Patch looks good Billy. I haven't tested it because after banging my head against hbase-826, I've learned that this notion of major compaction is a bit more involved than I at first thought (I think you may have known all along how important the difference between minor and major is).
Here is what I learned. While compacting, if we overrun max versions or a cell has expired, we do not let the cell go through to the compacted file. That was fine in the old days, when we always compacted everything. Since we got smarter compacting – i.e. minor compactions only compacting the small files – this behavior can make for malignant results (See towards end of hbase-826 for an illustration).
So, Billy, you need to add passing of the 'force' flag down into the HStore#compact (We should probably rename 'force' as 'majorCompaction' or something?). Then in HStore#compact, we only do the max versions and expiration code IF its a major compaction. Otherwise, we just let ALL cells go through to the compacted files (At runtime, the get and scan respect max versions and expiration times).

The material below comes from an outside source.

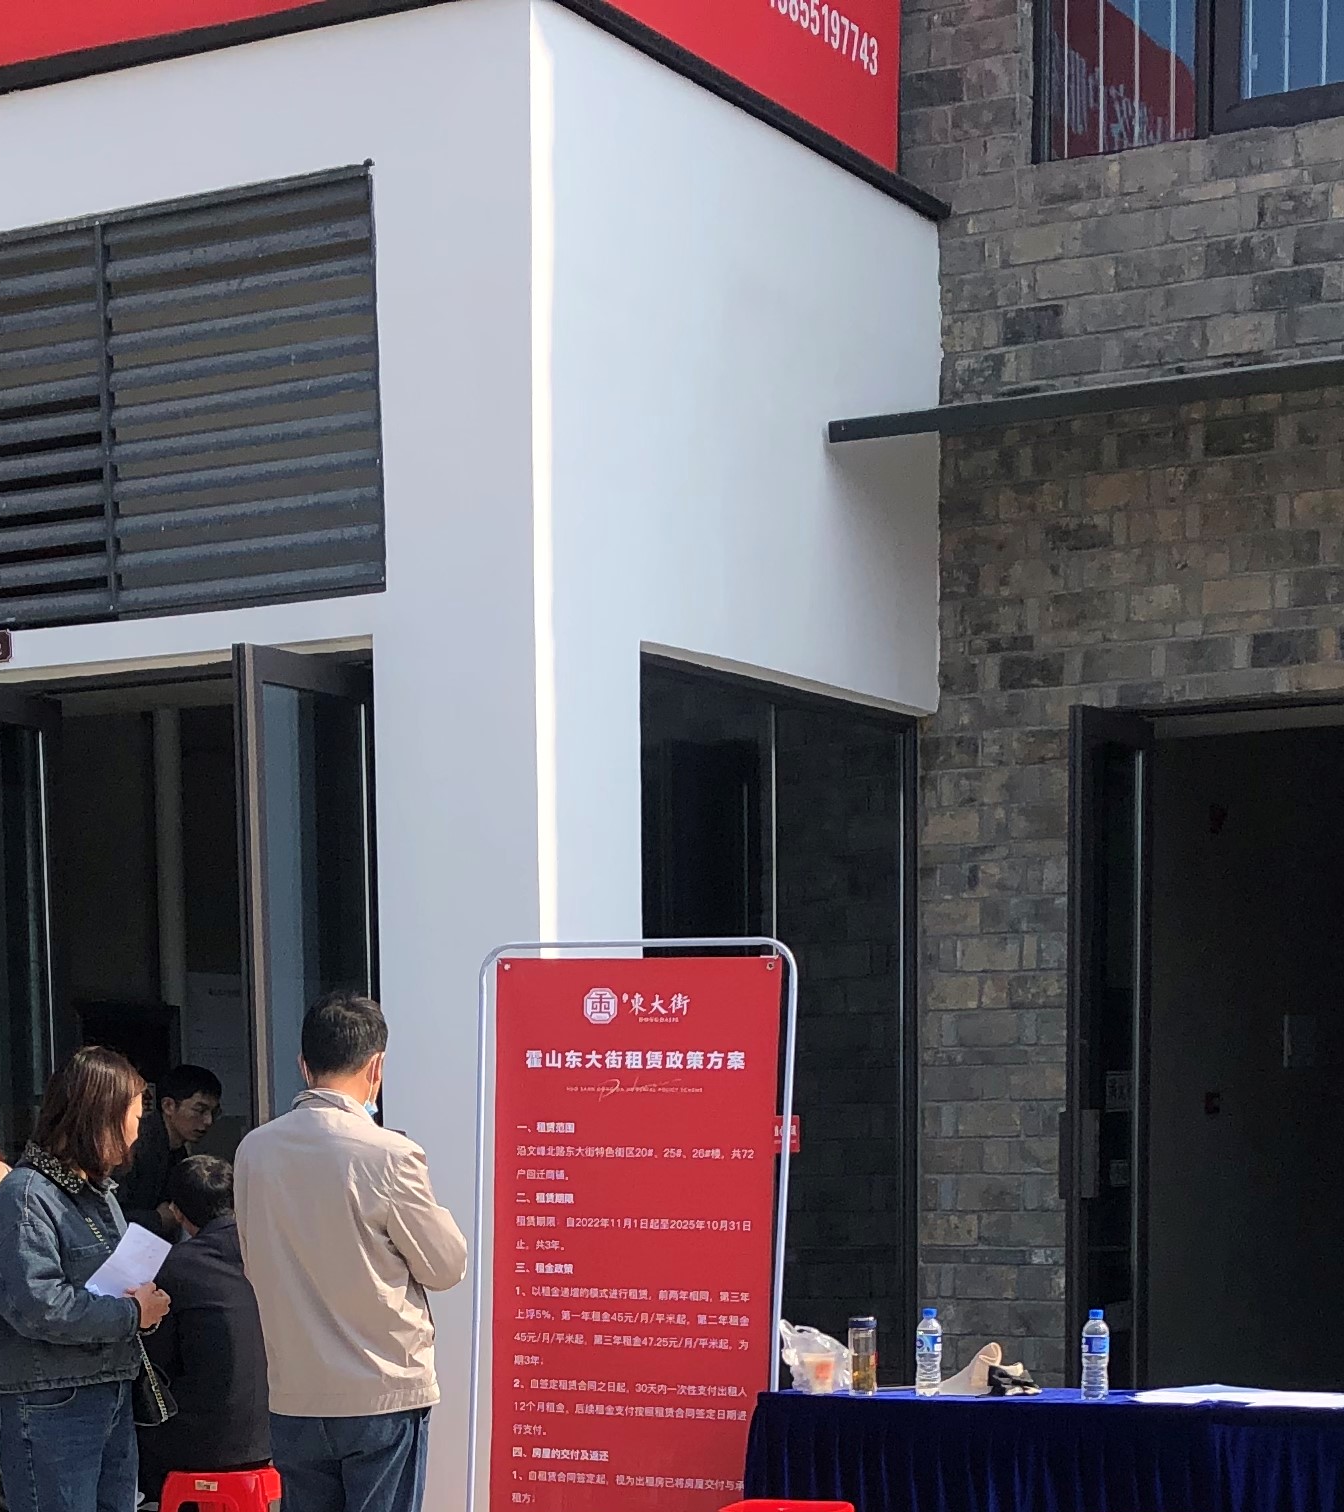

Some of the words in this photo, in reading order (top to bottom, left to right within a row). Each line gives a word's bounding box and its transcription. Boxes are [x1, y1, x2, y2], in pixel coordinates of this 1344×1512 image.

I'll be on IRC tomorrow if you want to chat more on this Billy or just write notes into this JIRA and we can back and forth here (If you want, post a rough patch and I can give feedback – that might be best).
Oh, one other thing, there should be no maximum on the amount of files to compact at a time when doing a major compaction, but I think the way your patch is written, there isn't; its only when minor compactions run that there is a limit – is that so?